## [WORK ITEM]
Repeat the records below word for word and omit each image.

Free-text object descriptions
+--
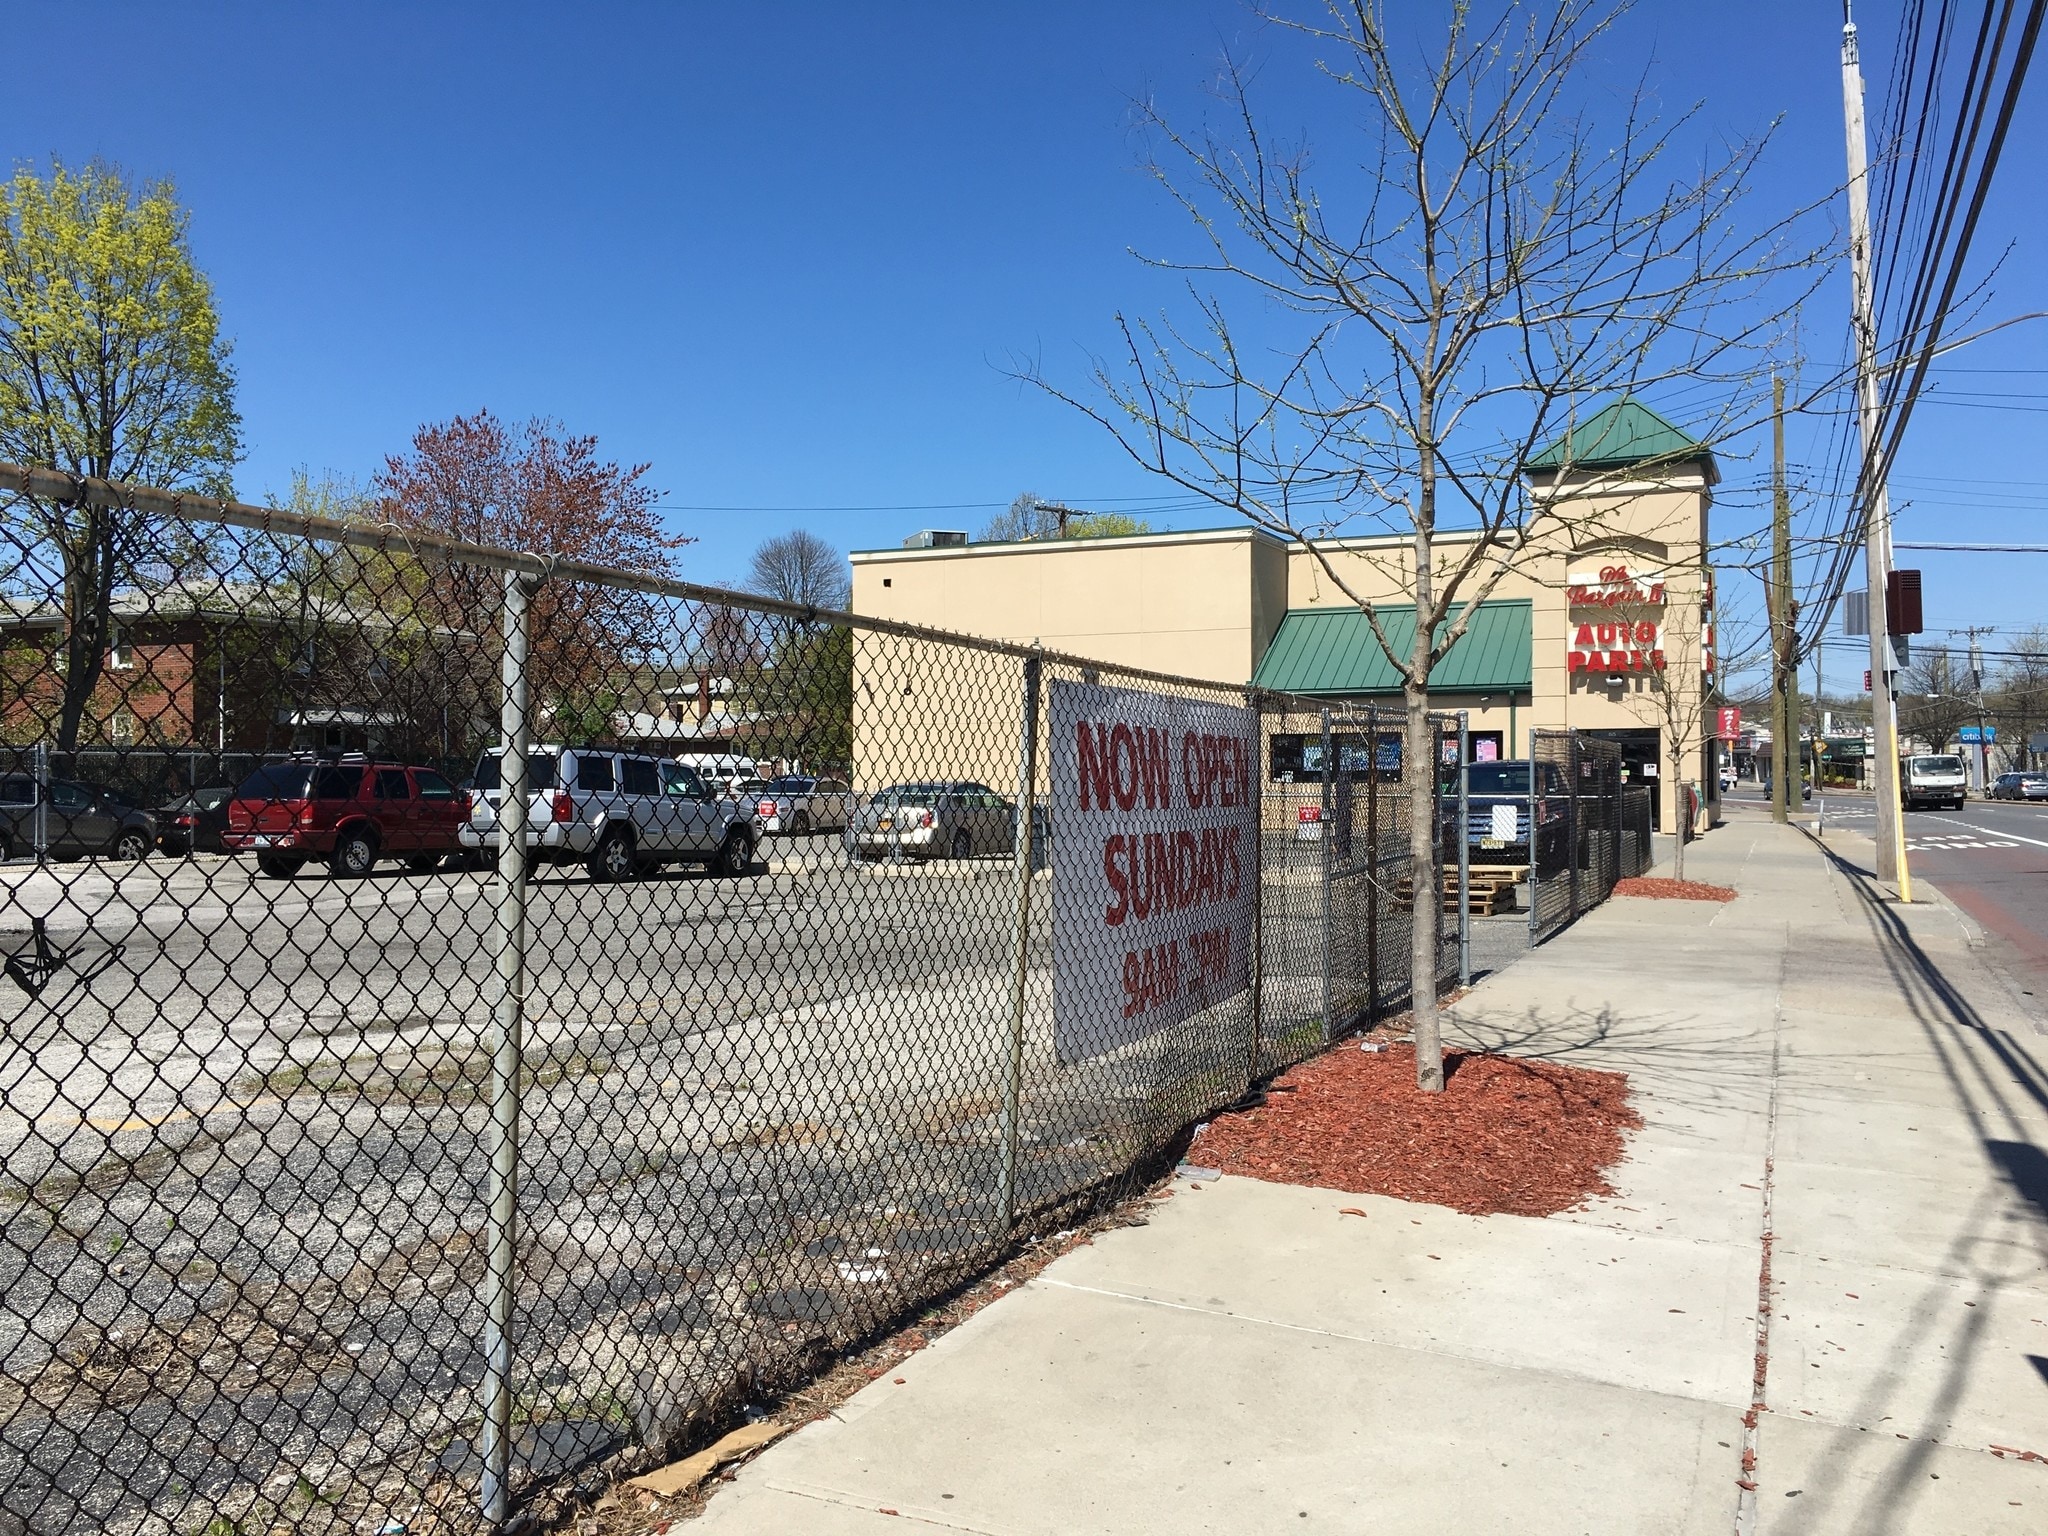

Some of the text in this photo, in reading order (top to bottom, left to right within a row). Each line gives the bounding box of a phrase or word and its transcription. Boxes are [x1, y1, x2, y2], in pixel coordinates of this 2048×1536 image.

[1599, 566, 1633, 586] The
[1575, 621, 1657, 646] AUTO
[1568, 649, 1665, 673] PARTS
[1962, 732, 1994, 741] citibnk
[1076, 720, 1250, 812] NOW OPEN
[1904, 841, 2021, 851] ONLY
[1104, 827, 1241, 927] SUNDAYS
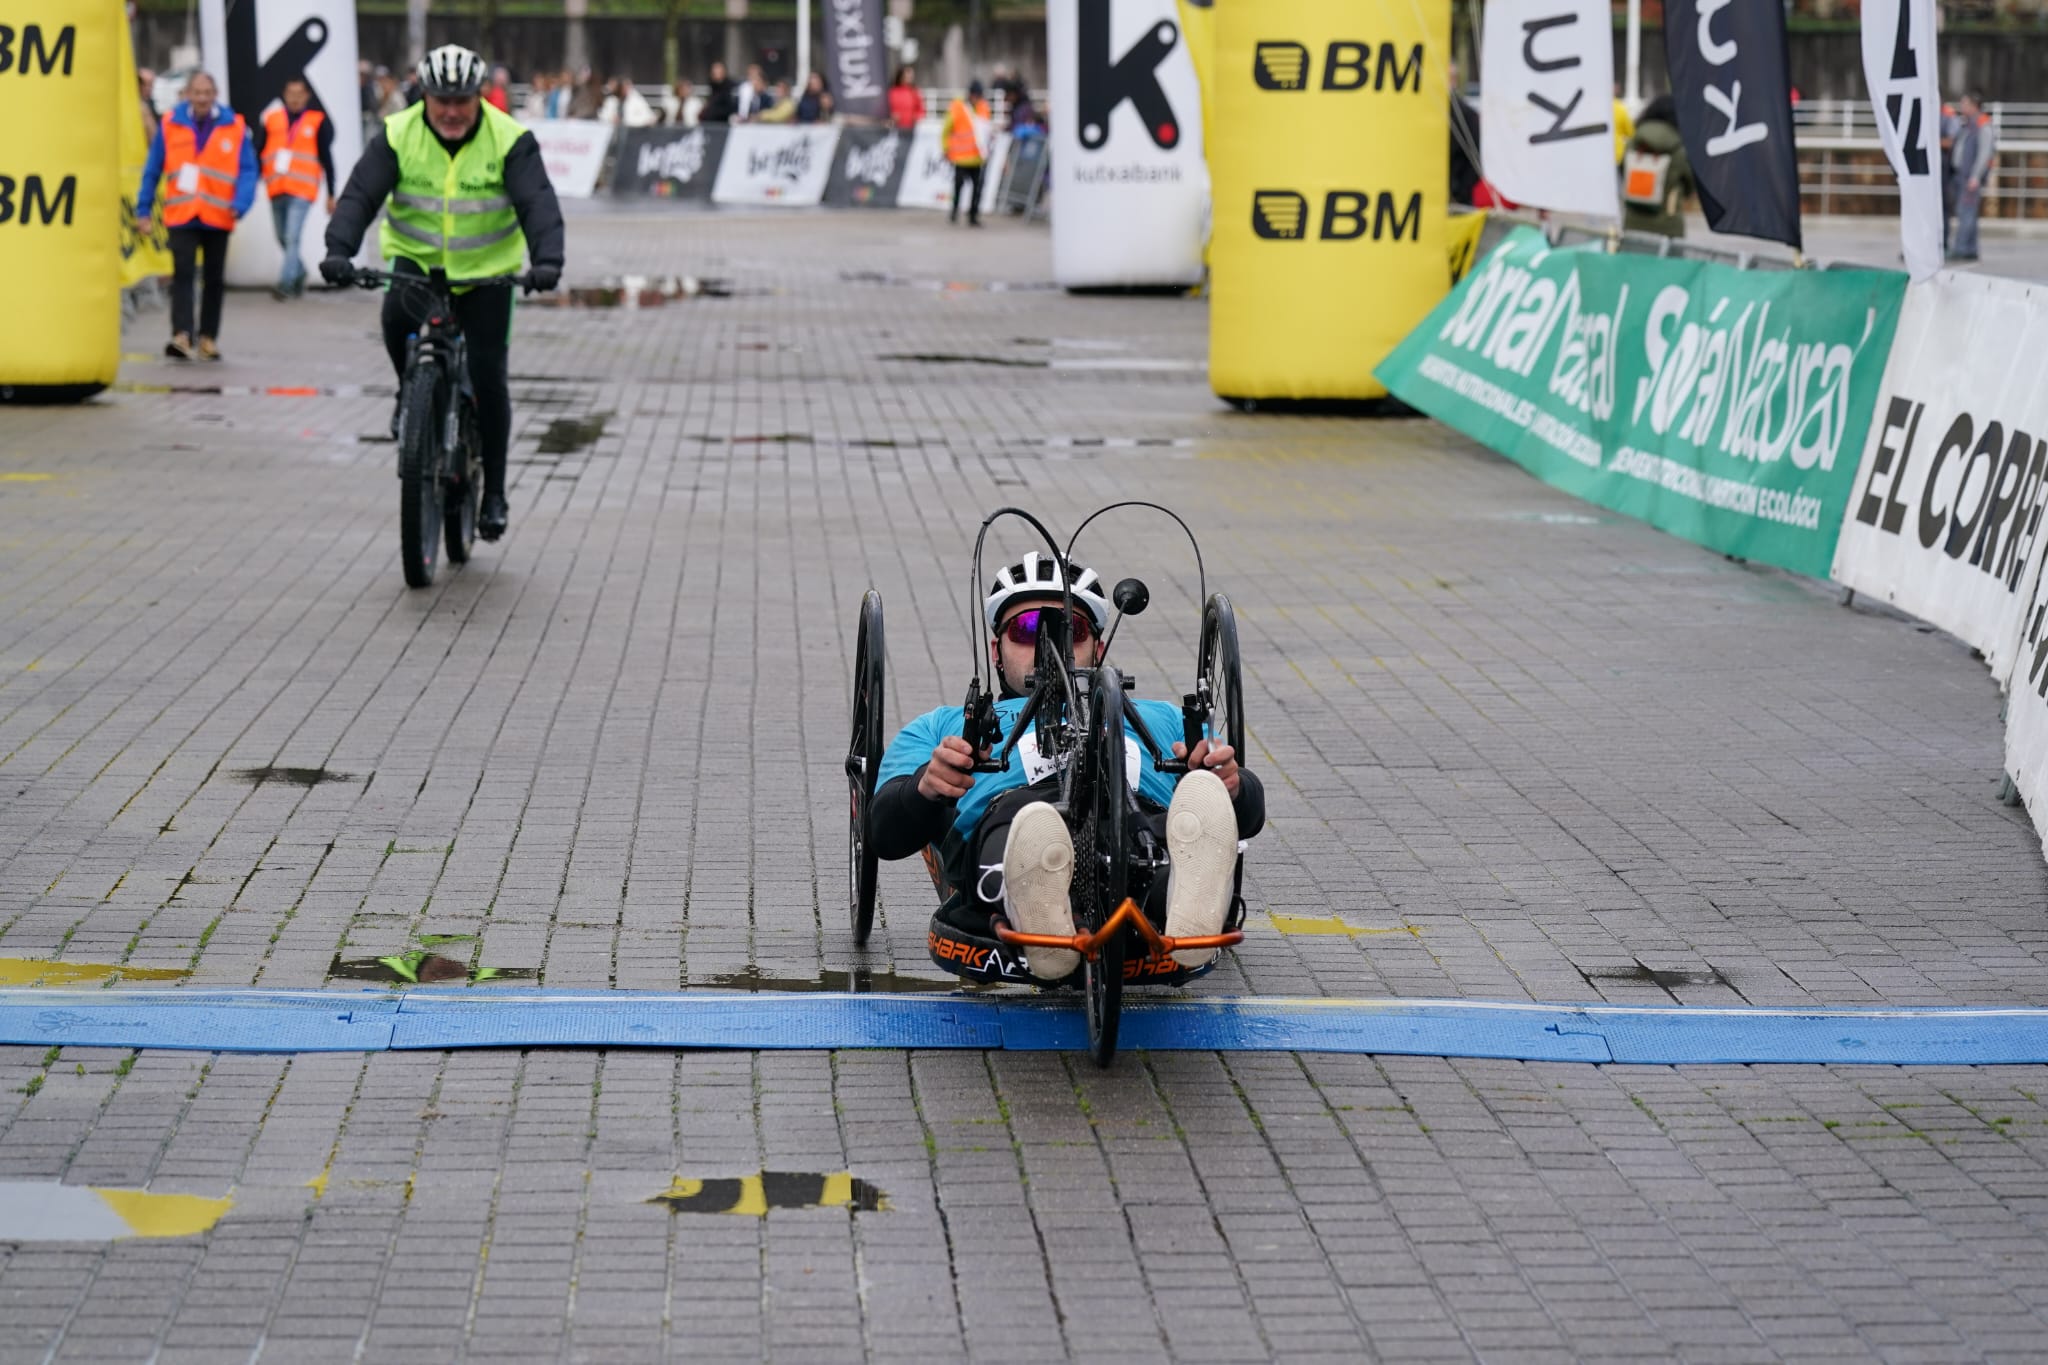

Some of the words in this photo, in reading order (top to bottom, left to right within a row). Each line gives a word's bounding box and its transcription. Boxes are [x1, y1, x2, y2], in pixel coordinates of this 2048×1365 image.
+--
## [SOLUTION]
Some of the text in this photo, in reading order (top to bottom, left to right within a row). Each line gives the bounding box of a phrase or word and its transcription. Boxes are [x1, y1, x2, y2], in pixel coordinates of this 2048×1536 image.

[1599, 566, 1633, 586] The
[1575, 621, 1657, 646] AUTO
[1568, 649, 1665, 673] PARTS
[1962, 732, 1994, 741] citibnk
[1076, 720, 1250, 812] NOW OPEN
[1904, 841, 2021, 851] ONLY
[1104, 827, 1241, 927] SUNDAYS

Some of the words in this photo, in reading order (top to bottom, left to right within a row). Each line gives a word's bounding box and its transcription. Boxes are [x1, y1, x2, y2], in pixel coordinates of this 2048×1365 image.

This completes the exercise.